> **Problem statement**
Please give the listing underneath again, exactly as shown.

> **Data for the task**
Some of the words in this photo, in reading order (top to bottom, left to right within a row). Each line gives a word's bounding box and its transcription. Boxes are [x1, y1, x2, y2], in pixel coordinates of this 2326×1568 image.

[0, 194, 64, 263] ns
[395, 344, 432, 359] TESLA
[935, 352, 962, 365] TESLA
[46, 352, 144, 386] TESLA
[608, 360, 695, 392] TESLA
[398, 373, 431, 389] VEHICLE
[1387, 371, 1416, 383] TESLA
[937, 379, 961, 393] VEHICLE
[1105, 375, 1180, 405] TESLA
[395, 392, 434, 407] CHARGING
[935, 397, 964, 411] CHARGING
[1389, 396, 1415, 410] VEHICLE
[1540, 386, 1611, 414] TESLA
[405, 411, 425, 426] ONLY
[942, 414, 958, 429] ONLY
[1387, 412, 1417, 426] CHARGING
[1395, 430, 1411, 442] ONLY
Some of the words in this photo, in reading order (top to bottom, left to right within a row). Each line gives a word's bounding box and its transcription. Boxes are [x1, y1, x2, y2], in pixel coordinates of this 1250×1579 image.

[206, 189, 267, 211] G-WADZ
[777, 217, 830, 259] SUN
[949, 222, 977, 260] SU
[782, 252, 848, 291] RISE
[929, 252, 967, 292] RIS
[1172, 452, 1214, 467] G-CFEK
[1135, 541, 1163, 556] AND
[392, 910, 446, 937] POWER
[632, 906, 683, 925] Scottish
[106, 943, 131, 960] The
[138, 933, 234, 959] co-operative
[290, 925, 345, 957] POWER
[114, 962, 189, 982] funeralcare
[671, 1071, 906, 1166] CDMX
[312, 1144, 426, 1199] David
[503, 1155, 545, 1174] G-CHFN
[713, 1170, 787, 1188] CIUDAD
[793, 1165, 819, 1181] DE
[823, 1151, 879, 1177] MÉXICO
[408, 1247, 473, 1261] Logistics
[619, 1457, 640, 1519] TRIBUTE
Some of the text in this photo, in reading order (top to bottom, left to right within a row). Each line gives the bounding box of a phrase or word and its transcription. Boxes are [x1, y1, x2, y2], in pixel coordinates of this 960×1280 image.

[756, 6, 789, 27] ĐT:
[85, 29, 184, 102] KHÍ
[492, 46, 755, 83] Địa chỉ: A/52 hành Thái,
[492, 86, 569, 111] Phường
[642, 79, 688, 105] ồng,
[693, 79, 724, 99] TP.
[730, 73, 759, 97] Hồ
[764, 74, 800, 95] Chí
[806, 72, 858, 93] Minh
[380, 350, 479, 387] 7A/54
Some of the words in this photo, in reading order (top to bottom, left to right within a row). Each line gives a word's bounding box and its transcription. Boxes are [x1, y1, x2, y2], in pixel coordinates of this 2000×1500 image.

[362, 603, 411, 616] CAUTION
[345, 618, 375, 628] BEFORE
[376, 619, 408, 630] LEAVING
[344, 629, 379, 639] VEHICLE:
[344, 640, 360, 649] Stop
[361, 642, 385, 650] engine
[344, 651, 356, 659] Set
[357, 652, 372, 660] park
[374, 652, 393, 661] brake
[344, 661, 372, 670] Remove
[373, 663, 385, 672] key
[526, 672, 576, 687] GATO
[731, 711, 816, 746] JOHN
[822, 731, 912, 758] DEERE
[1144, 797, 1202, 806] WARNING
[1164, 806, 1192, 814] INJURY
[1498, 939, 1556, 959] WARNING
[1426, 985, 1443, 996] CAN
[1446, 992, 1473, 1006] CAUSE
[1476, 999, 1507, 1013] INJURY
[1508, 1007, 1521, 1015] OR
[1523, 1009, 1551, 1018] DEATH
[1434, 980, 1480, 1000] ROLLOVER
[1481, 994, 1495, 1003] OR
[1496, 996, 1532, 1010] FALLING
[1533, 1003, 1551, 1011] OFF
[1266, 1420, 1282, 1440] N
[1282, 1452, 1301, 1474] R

> **Response**
Some of the words in this photo, in reading order (top to bottom, left to right within a row). Each line gives a word's bounding box and its transcription. Boxes are [x1, y1, x2, y2], in pixel coordinates of this 2326×1568 image.

[0, 194, 64, 263] ns
[395, 344, 432, 359] TESLA
[935, 352, 962, 365] TESLA
[46, 352, 144, 386] TESLA
[608, 360, 695, 392] TESLA
[398, 373, 431, 389] VEHICLE
[1387, 371, 1416, 383] TESLA
[937, 379, 961, 393] VEHICLE
[1105, 375, 1180, 405] TESLA
[395, 392, 434, 407] CHARGING
[935, 397, 964, 411] CHARGING
[1389, 396, 1415, 410] VEHICLE
[1540, 386, 1611, 414] TESLA
[405, 411, 425, 426] ONLY
[942, 414, 958, 429] ONLY
[1387, 412, 1417, 426] CHARGING
[1395, 430, 1411, 442] ONLY
Some of the words in this photo, in reading order (top to bottom, left to right within a row). Each line gives a word's bounding box and its transcription. Boxes are [x1, y1, x2, y2], in pixel coordinates of this 1250×1579 image.

[206, 189, 267, 211] G-WADZ
[777, 217, 830, 259] SUN
[949, 222, 977, 260] SU
[782, 252, 848, 291] RISE
[929, 252, 967, 292] RIS
[1172, 452, 1214, 467] G-CFEK
[1135, 541, 1163, 556] AND
[392, 910, 446, 937] POWER
[632, 906, 683, 925] Scottish
[106, 943, 131, 960] The
[138, 933, 234, 959] co-operative
[290, 925, 345, 957] POWER
[114, 962, 189, 982] funeralcare
[671, 1071, 906, 1166] CDMX
[312, 1144, 426, 1199] David
[503, 1155, 545, 1174] G-CHFN
[713, 1170, 787, 1188] CIUDAD
[793, 1165, 819, 1181] DE
[823, 1151, 879, 1177] MÉXICO
[408, 1247, 473, 1261] Logistics
[619, 1457, 640, 1519] TRIBUTE
Some of the text in this photo, in reading order (top to bottom, left to right within a row). Each line gives the bounding box of a phrase or word and its transcription. Boxes are [x1, y1, x2, y2], in pixel coordinates of this 960×1280 image.

[756, 6, 789, 27] ĐT:
[85, 29, 184, 102] KHÍ
[492, 46, 755, 83] Địa chỉ: A/52 hành Thái,
[492, 86, 569, 111] Phường
[642, 79, 688, 105] ồng,
[693, 79, 724, 99] TP.
[730, 73, 759, 97] Hồ
[764, 74, 800, 95] Chí
[806, 72, 858, 93] Minh
[380, 350, 479, 387] 7A/54
Some of the words in this photo, in reading order (top to bottom, left to right within a row). Each line gives a word's bounding box and its transcription. Boxes are [x1, y1, x2, y2], in pixel coordinates of this 2000×1500 image.

[362, 603, 411, 616] CAUTION
[345, 618, 375, 628] BEFORE
[376, 619, 408, 630] LEAVING
[344, 629, 379, 639] VEHICLE:
[344, 640, 360, 649] Stop
[361, 642, 385, 650] engine
[344, 651, 356, 659] Set
[357, 652, 372, 660] park
[374, 652, 393, 661] brake
[344, 661, 372, 670] Remove
[373, 663, 385, 672] key
[526, 672, 576, 687] GATO
[731, 711, 816, 746] JOHN
[822, 731, 912, 758] DEERE
[1144, 797, 1202, 806] WARNING
[1164, 806, 1192, 814] INJURY
[1498, 939, 1556, 959] WARNING
[1426, 985, 1443, 996] CAN
[1446, 992, 1473, 1006] CAUSE
[1476, 999, 1507, 1013] INJURY
[1508, 1007, 1521, 1015] OR
[1523, 1009, 1551, 1018] DEATH
[1434, 980, 1480, 1000] ROLLOVER
[1481, 994, 1495, 1003] OR
[1496, 996, 1532, 1010] FALLING
[1533, 1003, 1551, 1011] OFF
[1266, 1420, 1282, 1440] N
[1282, 1452, 1301, 1474] R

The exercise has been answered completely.